But what often gets lost in the debate is the fact that America chose to go to war in Iraq. Whatever one may think of the war, it was clearly one of choice, not necessity. Iraq did not pose an imminent threat to the United States, and Bush administration officials decided to use force in order to prevent Iraq from becoming a future threat. The distinction is important. The war in Iraq was not foisted upon America by providence, but was rather a specific decision – one that looks ever more dubious over time. Do Americans really think that more Iraq-like conflicts are in the national interest?
The United States is a global superpower without equal. States such as China, Russia, and India are rising, but they do not pose anywhere near the kind of military threat the Soviet Union did. Ever since 9/11, many of America's leaders seem to be acting as if we are under siege. We are not. To a significant degree, the United States can chose when, where, and how to fight its wars.
Whatever one may think of the Iraq War, it is clear that Americans are not willing to engage in more Iraq-like conflicts. Such wars, inevitably requiring a long-term military presence on foreign soil, do not play to America's strengths, but directly to our weaknesses.
There is no doubt that the U.S. military needs to focus more resources on developing the capabilities to succeed in Afghanistan and Iraq, but using the current conflicts as a basis for developing America's future fighting forces contains significant risks that deserve a public debate.
America needs to be better prepared for counterinsurgency, but planning for more Iraq-like wars of choice threatens to become a self-fulfilling prophecy.
Sir,
Your observations are mostly on the mark. I say mostly only because I disagree with the characterization of Iraq not posing an imminent threat. Otherwise, I was hoping to see the above incorporate your earlier work regarding the deficiencies in American strategic planning.
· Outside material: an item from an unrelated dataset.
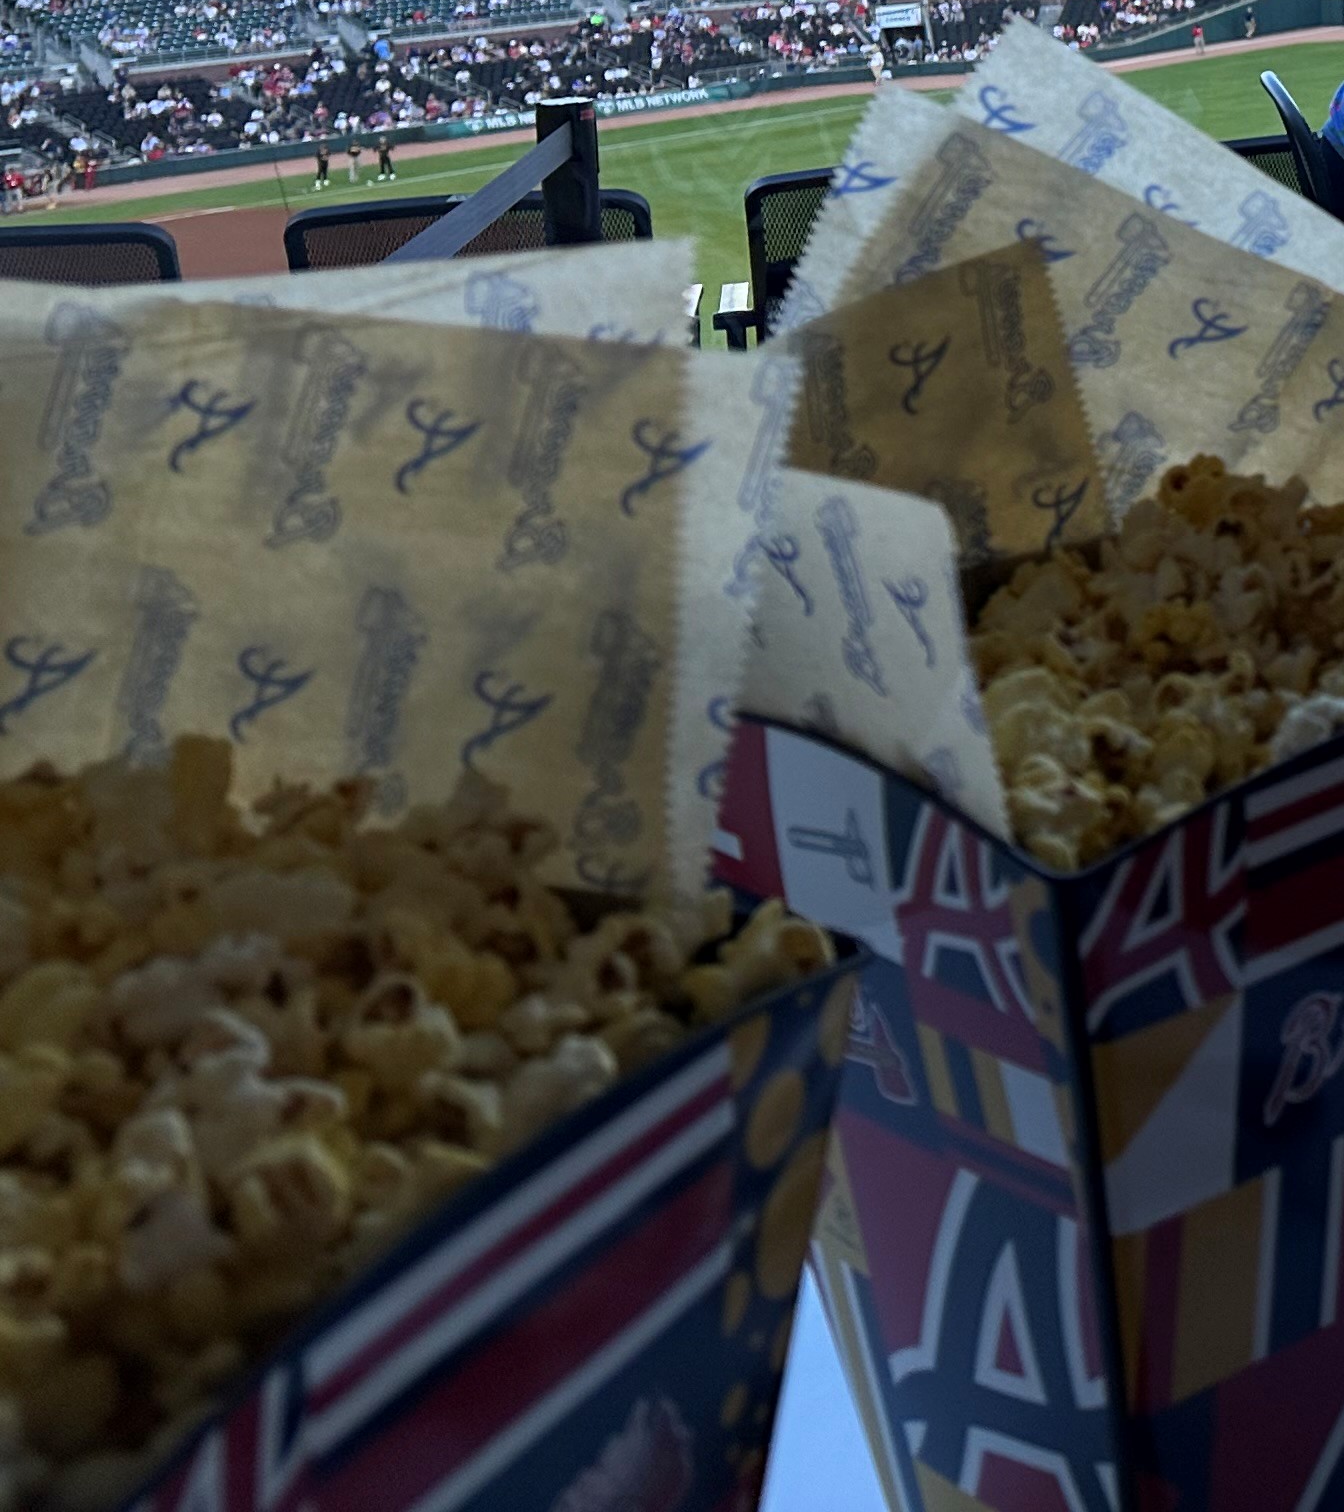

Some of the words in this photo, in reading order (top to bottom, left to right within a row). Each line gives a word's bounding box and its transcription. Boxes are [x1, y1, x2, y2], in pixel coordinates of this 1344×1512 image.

[616, 98, 644, 113] MLB
[647, 88, 709, 108] NETWORK
[486, 113, 515, 129] MLB
The risks attendant in the NDS just blessed by Secretary of Defense Gates can be traced to issues you have raised in previous articles. Despite well-deserved criticism for lapses in management of the war in Iraq, the Department of Defense has sustained a diligent effort to re-institute rigor into its strategic planning processes. The NDS is indeed part of an effort consolidating the unwieldy number of strategic guidance documents into so-called "gold standards."
Initiating a rationalization of strategic guidance is laudable, but as you, Michele Flournoy and others have well demonstrated, formal plans can be sub-optimal, and in the case of recent Defense Department’s products, the results can be unsatisfactory.
A clearly defined objective end state, presidential leadership, and flexibility will be critical. Moreover, As noted by Nassim Nicholas Taleb has noted in Black Swan, shocks such as September 11, are ultimately unknowable and unpredictable; by extension, strategic planning will never foreclose such events and predicting a specific future is impossible. Recognizing this limitation helps clarify what additional step would strengthen future defense strategy.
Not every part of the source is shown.